Microfinance drives financial inclusion by helping the poor increasing access to savings and credit facilities.Many African countries, including Ethiopia, are using Microfinance as a means for financial inclusion as one of their national strategies. however, this does not work always. In a multi-cultural and multi- religious countries, adopting such strategies requires extra parameters. 

Islamic Microfinance


By 2020, around 1.9 Billiom Muslims live around the world. These population would require financial services tailored to their specific needs.  Ethiopia’s financial inclusion strategy should be reviewed in this perspectives. That is Ethiopia should adopt interest free/Islamic microfinance, because the national financial inclusion strategy has missed this big opportunity that help the country to address income inequalities and poverty, thereby facilitate the national development.

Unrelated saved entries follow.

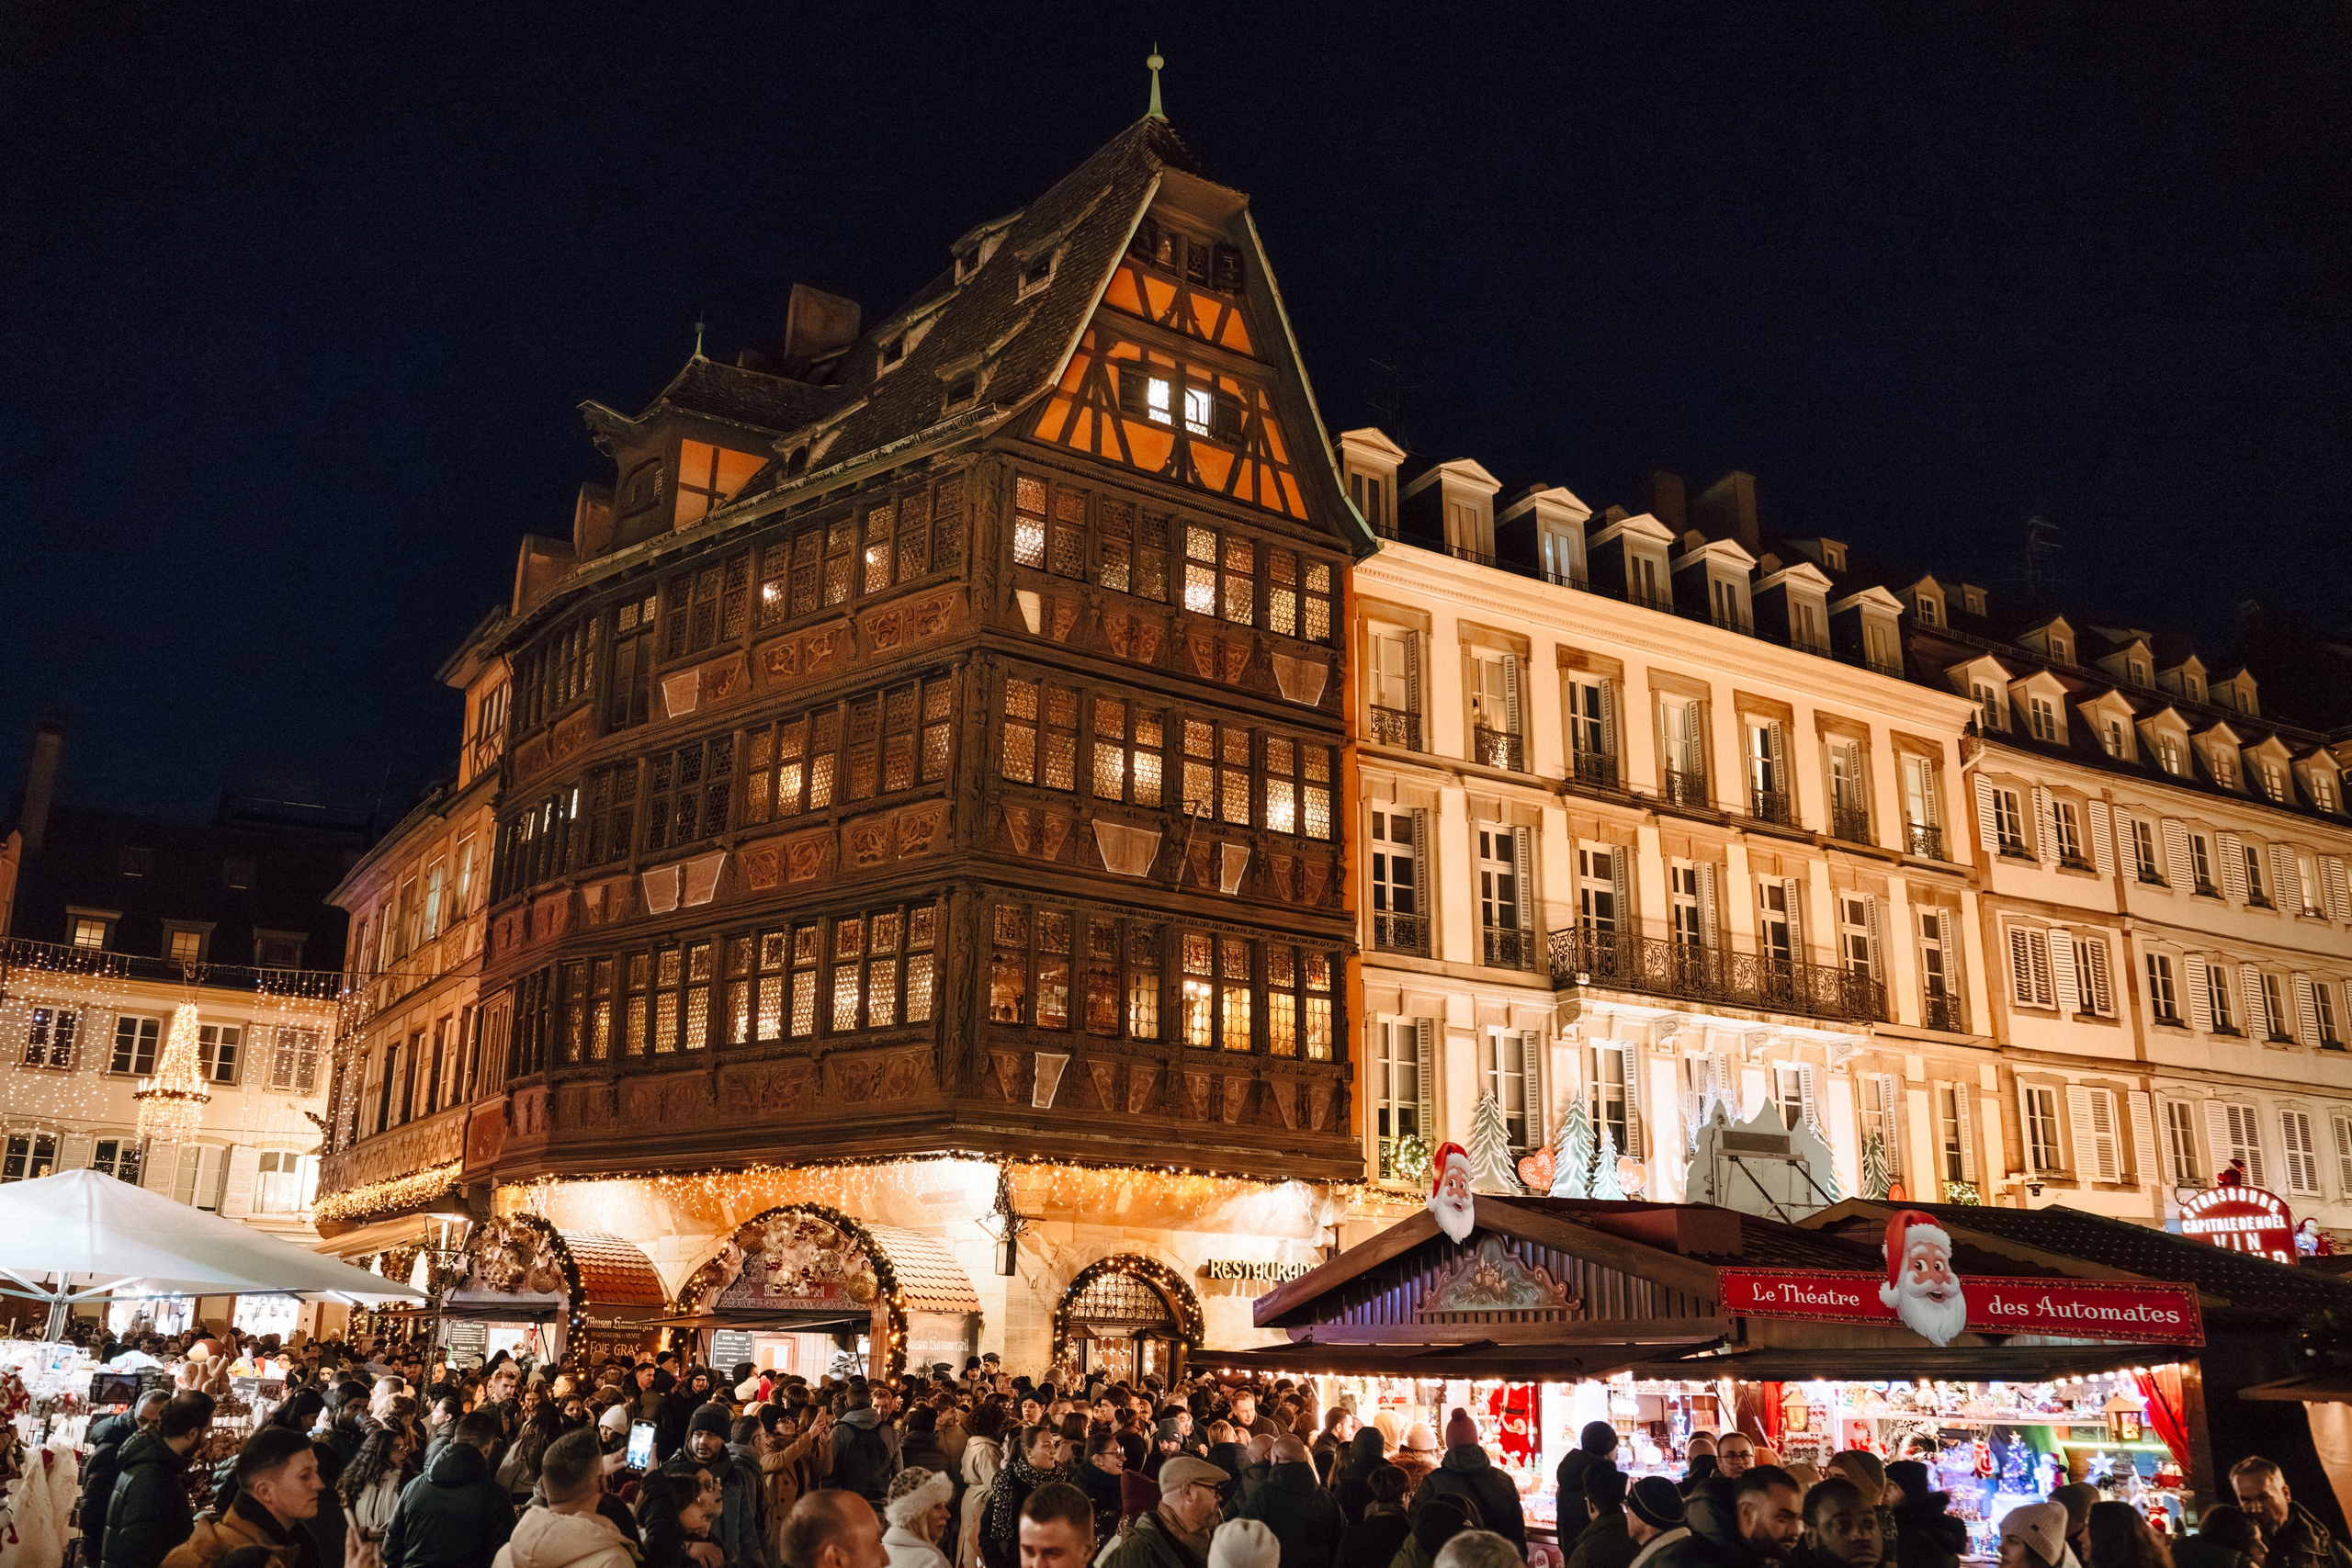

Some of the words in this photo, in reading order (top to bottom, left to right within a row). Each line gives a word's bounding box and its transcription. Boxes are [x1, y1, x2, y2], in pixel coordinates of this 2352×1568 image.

[2181, 1187, 2280, 1219] STRASBOURG
[2181, 1218, 2238, 1234] CAPITALE
[2238, 1216, 2256, 1231] DE
[2256, 1213, 2288, 1229] NOËL
[2212, 1233, 2262, 1252] VIN
[1752, 1282, 1776, 1302] Le
[1778, 1283, 1860, 1306] Théatre
[1988, 1295, 2030, 1316] des
[2036, 1296, 2181, 1324] Automates
[585, 1316, 612, 1329] Maison
[589, 1340, 611, 1356] FOIE
[911, 1357, 924, 1369] VIN

So what is interest free/Islamic micro-finance?

Islamic finance law is based on Shari’ah law. The Shari’ah law provides rules and guidelines for social, political, and economic undertakings in Muslim societies. The degree to which an individual Muslim adheres to Shari’ah law, led the introduction of Shari’ah-compliant banking and finance in many countries across the globe.


Given the failure of conventional microfinance to alleviate poverty, interest free/Islamic microfinance or charity based microfinance models have gained popularity in developing countries and especially in Islamic countries where the concept of interest free Islamic finance products appeals to the public, in general (Europe Economics, n/a ).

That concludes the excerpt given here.